**INPUT DATA**
== Segment start ==
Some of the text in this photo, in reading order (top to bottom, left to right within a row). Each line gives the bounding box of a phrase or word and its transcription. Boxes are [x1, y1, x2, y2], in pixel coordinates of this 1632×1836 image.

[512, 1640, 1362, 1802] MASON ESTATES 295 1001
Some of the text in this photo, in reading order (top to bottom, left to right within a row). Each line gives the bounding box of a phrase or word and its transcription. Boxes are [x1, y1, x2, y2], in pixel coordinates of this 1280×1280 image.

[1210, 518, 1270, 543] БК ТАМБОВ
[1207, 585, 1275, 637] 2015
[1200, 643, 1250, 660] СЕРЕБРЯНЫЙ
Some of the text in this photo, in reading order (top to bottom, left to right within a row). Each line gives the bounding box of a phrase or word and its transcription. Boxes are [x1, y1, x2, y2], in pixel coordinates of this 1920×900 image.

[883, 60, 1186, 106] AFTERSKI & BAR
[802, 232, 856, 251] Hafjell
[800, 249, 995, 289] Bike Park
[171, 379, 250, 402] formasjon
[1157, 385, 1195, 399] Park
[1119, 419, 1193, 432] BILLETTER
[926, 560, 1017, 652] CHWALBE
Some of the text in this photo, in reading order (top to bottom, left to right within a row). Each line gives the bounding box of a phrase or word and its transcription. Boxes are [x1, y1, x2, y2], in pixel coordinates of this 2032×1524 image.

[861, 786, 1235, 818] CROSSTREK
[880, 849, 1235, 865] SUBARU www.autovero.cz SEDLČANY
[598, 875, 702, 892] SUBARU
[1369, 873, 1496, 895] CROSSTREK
== Segment end ==
**PROMPT**
Please write the data above out again, exactly the same.

**EXPECTED OUTPUT**
Some of the text in this photo, in reading order (top to bottom, left to right within a row). Each line gives the bounding box of a phrase or word and its transcription. Boxes are [x1, y1, x2, y2], in pixel coordinates of this 1632×1836 image.

[512, 1640, 1362, 1802] MASON ESTATES 295 1001
Some of the text in this photo, in reading order (top to bottom, left to right within a row). Each line gives the bounding box of a phrase or word and its transcription. Boxes are [x1, y1, x2, y2], in pixel coordinates of this 1280×1280 image.

[1210, 518, 1270, 543] БК ТАМБОВ
[1207, 585, 1275, 637] 2015
[1200, 643, 1250, 660] СЕРЕБРЯНЫЙ
Some of the text in this photo, in reading order (top to bottom, left to right within a row). Each line gives the bounding box of a phrase or word and its transcription. Boxes are [x1, y1, x2, y2], in pixel coordinates of this 1920×900 image.

[883, 60, 1186, 106] AFTERSKI & BAR
[802, 232, 856, 251] Hafjell
[800, 249, 995, 289] Bike Park
[171, 379, 250, 402] formasjon
[1157, 385, 1195, 399] Park
[1119, 419, 1193, 432] BILLETTER
[926, 560, 1017, 652] CHWALBE
Some of the text in this photo, in reading order (top to bottom, left to right within a row). Each line gives the bounding box of a phrase or word and its transcription. Boxes are [x1, y1, x2, y2], in pixel coordinates of this 2032×1524 image.

[861, 786, 1235, 818] CROSSTREK
[880, 849, 1235, 865] SUBARU www.autovero.cz SEDLČANY
[598, 875, 702, 892] SUBARU
[1369, 873, 1496, 895] CROSSTREK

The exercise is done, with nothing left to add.